Forced Domain and Forced Paradigm anti-patterns

These two common (and usually overlooked) “anti-patterns” are frequently followed by developers. Actually, I’m not sure if we can officially call them anti-patterns, but they are for sure common patterns that are not good to follow.

Let us explain what the symptoms are for each.

The Forced Domain occurs when a domain that is not the natural one for the solution is forced into that solution. Here forcing means using the foreign domain concepts and processes to solve the problem in a usually unnatural way. The most common example is the IT domain forced into business logic, user interface, user experience or any part of the solution that needs to be in the business domain. For instance, when we build software that presents data in tables, shows codes (data keys), exposes the notion of next record, the notion of indexes or even the notion of fields, we are forcing the database concepts to the client. To use the software, the user needs to learn those concepts first. The same happens for processes, when backups, initialization, remote calls and such are forced to the user.

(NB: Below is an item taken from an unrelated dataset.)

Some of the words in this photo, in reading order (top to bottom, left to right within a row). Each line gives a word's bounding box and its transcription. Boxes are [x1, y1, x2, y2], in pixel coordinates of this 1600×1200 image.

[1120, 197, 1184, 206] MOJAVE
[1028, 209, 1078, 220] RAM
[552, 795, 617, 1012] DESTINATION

Another case is when we are integrating applications. Each solution we integrate may have its own domain, and they may not be the same domain as the other application we are integrating with. Integrated applications should communicate in a lousily coupled manner. So, for one solution to use the other one, both will need to share some common business concepts and those should be only ones in between. For example, a banking system that offers loans may need geographical information about the land we are using as warrant. Forcing the banking system to understand about geo locations, azimuths and GPS readings is a non-sense. To obtain the needed information, the bank should request it using business information it manages, like a particular address. It is the job of the geographical system to convert that requirement data, in the form of a text containing an address, into world’s longitude and latitude pairs and convert the response’s information into readable data for the bank.

Ok, that may raise a question: Isn’t that forcing the bank domain information into the Geo-System? No, actually. The Geo-System is probably offering that query as a service, which means it is decoupled from the implementation, and using standard documents (which may even be generic) to pass info. Note that the Geo-System will not get bank specific information, just a street address.

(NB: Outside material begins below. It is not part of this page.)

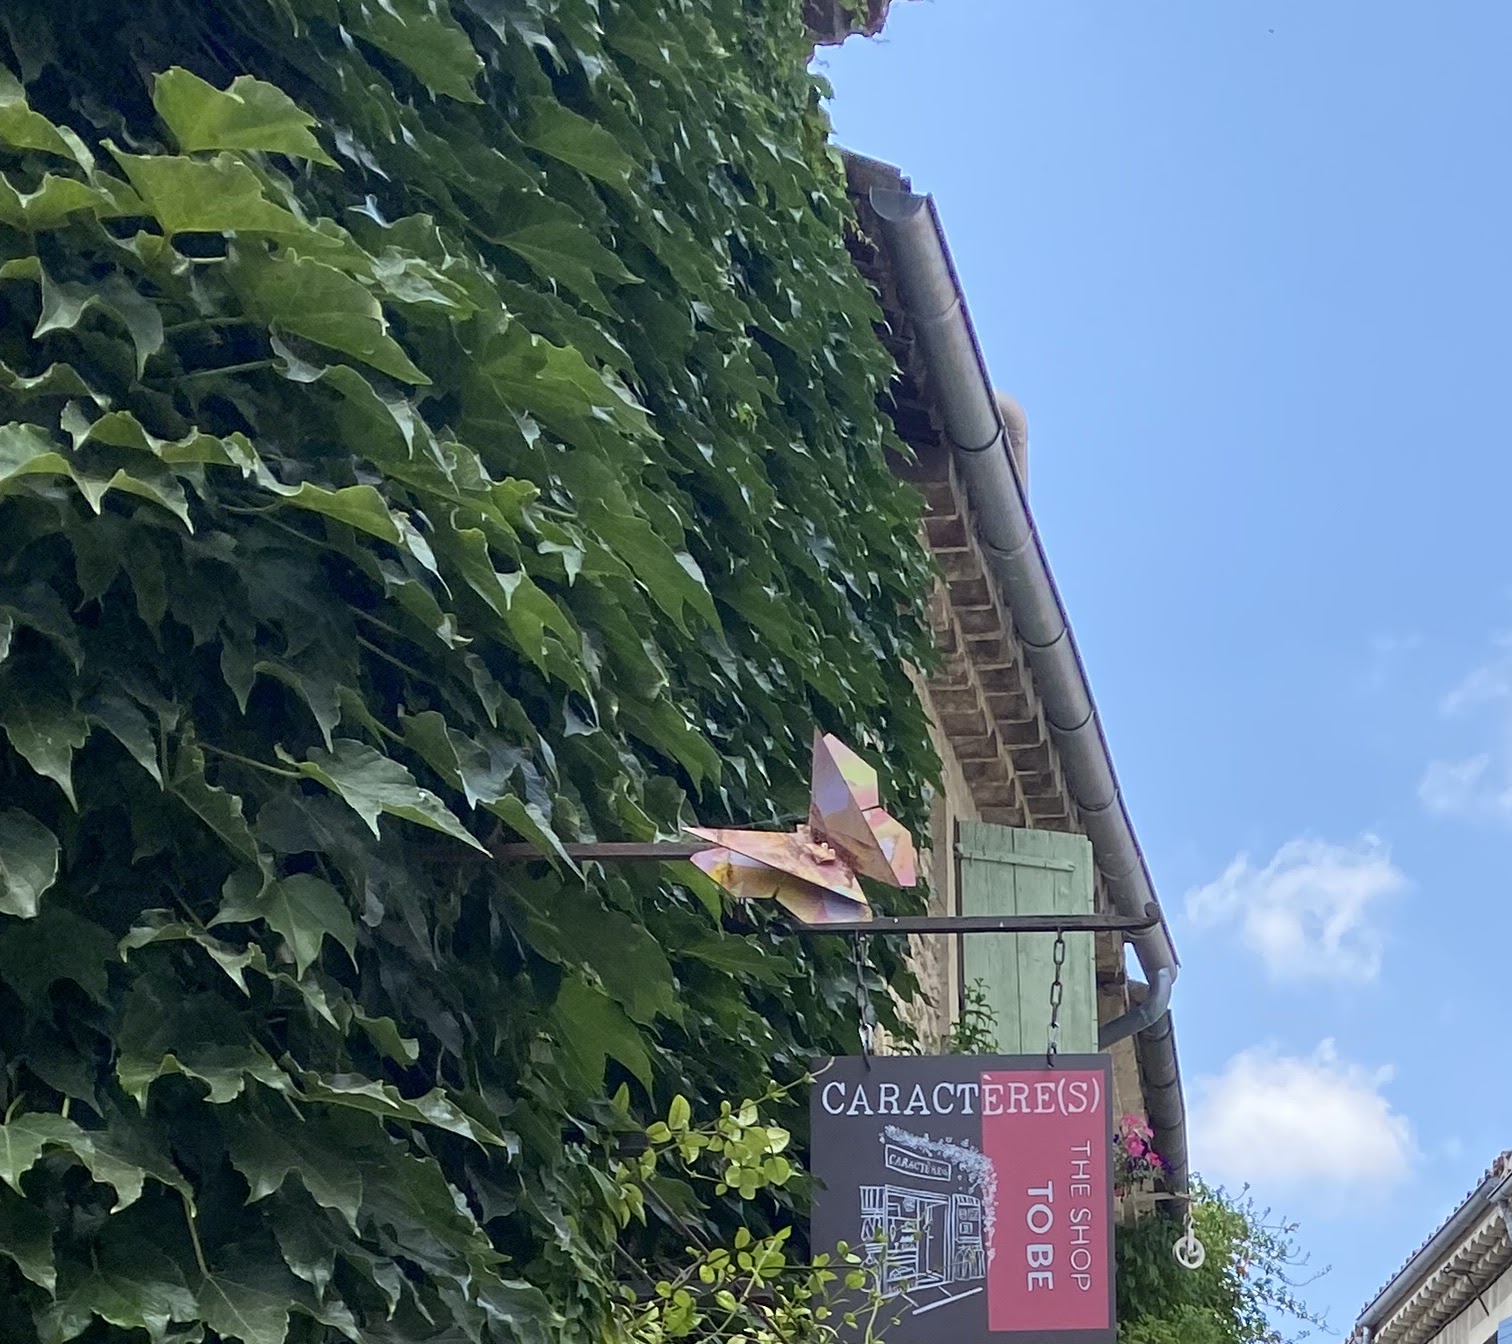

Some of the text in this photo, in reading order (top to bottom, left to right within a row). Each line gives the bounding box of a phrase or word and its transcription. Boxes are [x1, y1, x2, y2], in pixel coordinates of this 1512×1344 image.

[822, 1073, 1100, 1117] CARACTÈRE(S)
[1026, 1180, 1054, 1292] TO BE
[1069, 1139, 1092, 1291] THE SHOP

Why is that Forced Domain a bad thing?
A domain is not just a set of concepts. It is also a very complex environment that has processes that are natural in the environment, working smoothly with the environment’s rules. The concepts fit and all data is structured in a way that facilitates the processing. If not, then the domain would not work. Think of a medical domain, in surgery, where the concepts do not match or where the rules make the surgeon juggle with tools not made for the job at hand. In the example, think of a surgeon that is giving a fish knife to work with, and that is forced to kill the fish before opening. The tasks of cleaning a fish would sound similar to some of those performed by a surgeon, but it is clear the final idea is different and that it is not a good idea to practice surgery with a fish cleaning knife.

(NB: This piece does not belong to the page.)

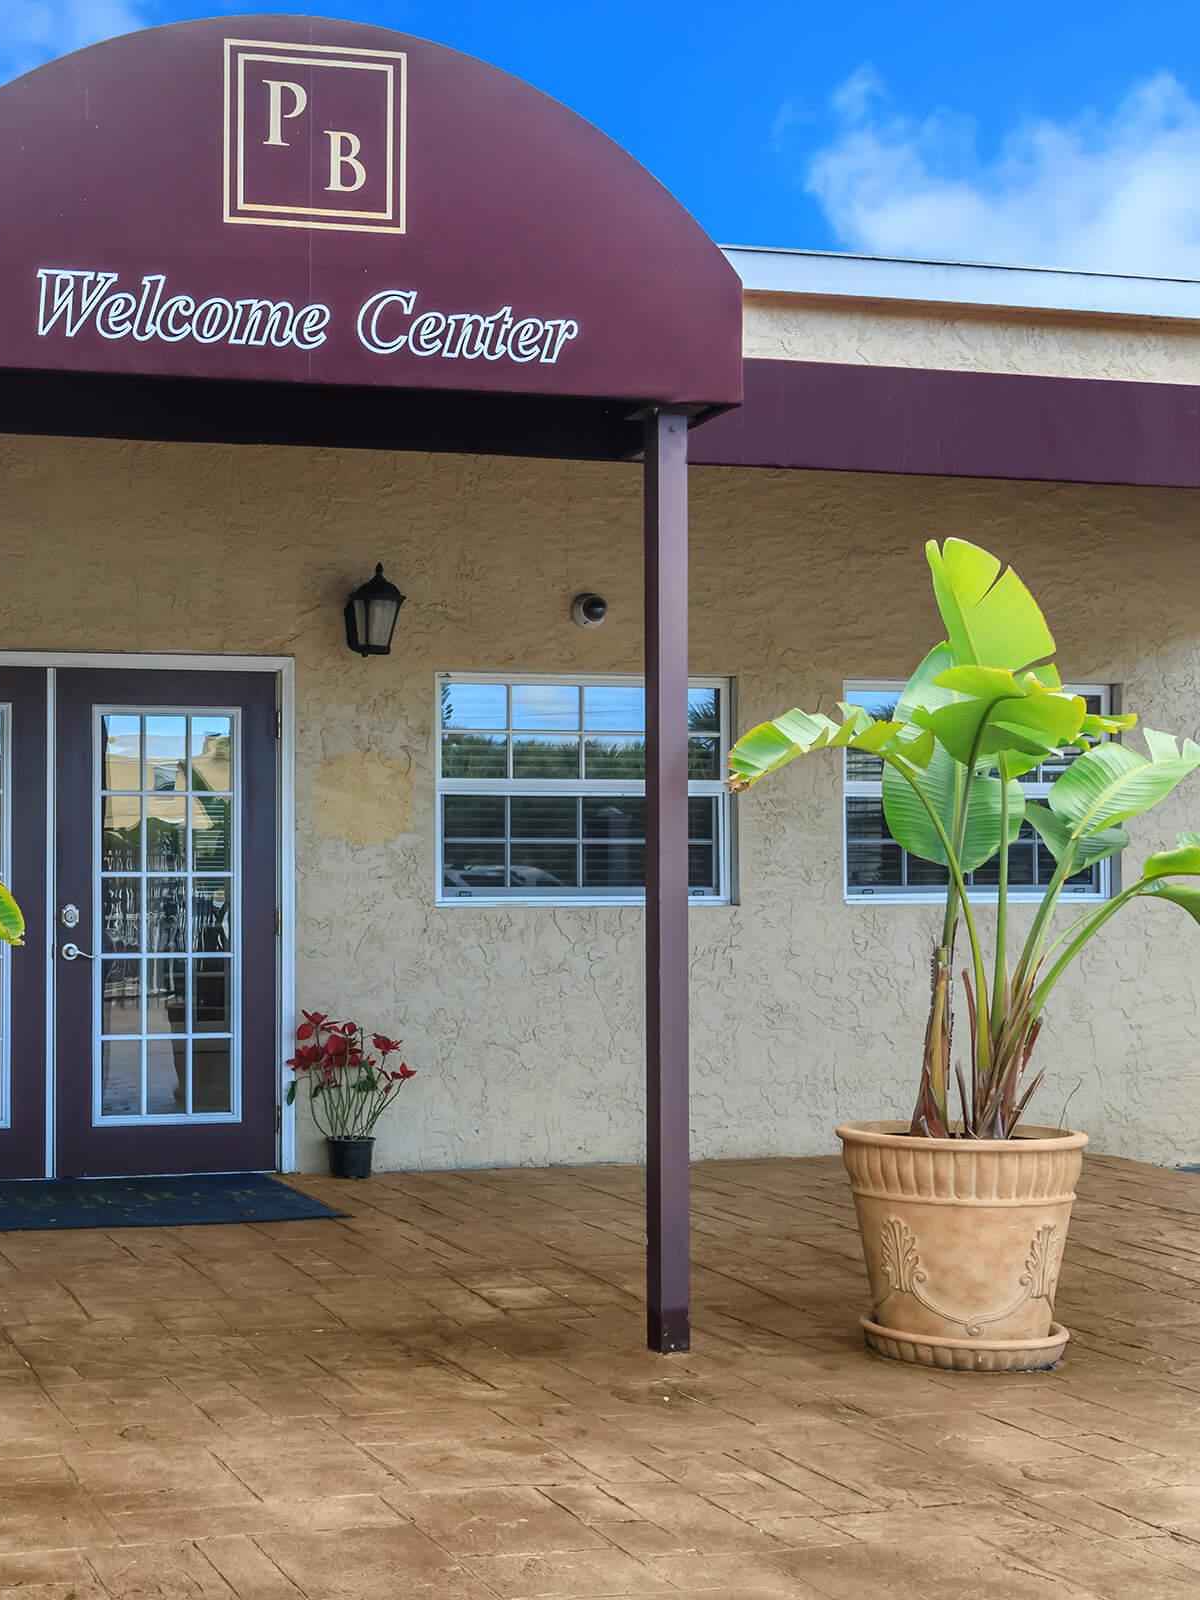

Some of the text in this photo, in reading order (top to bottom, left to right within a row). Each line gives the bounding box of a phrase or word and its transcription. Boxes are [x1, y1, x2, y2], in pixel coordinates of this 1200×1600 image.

[263, 80, 307, 146] P
[324, 131, 366, 191] B
[37, 269, 578, 363] Welcome Center

Domain forcing also produces coupling of a very special kind. In some cases it will require application A to know about Application B to use it, and in some others it will force Application B to know about A in order for application A to use B! It is like teaching me mechanics so the mechanic can fix my car by asking me car construction questions. In collaboration contexts, our banking application is forced to store and process geographical data because it needs those values to query the geographical system.

The Forced paradigm anti-pattern is more related to development.
That is, when something is not done naturally as it should, but done my way. A very common example occurs when the developer, coding a services consumption client, uses an OO language. The service is usually defined as a port to which we send messages in a pattern. To do that in Java, for instance, we map the port and message idea to a method, defined in a stub, which acts like a local class. Thus, the sending of a message notion is lost. The developer sees the operation as just invoking a method locally. There, we are forcing one paradigm into another; we are forcing the method call operation into a message send operation. In Java we are supposed to have objects and invoke methods, not send messages. That is true, but then we should build an object that sends the message for us, and we just invoke that functionality. Sounds the same, but semantically it is not.

Is that bad too?
Of course it is. Forcing a paradigm causes impedance mismatch. It also increases overhead due to paradigm conversions, and removes semantics that would help the developer to create good performing code (like the stubs, may trick developers to use the call as a local one, when it is remote, and cause a bad performance). Actually, if you take a look at the current specifications for Java, we may see there are many that map the actual interface to objects following this antipattern, hiding away the actual process from developers. That is done to make it “easy” for them to use the API, but the resulting API would not be good enough.

Do you have any examples of these antipatterns? What is your take on how bad are they for your health?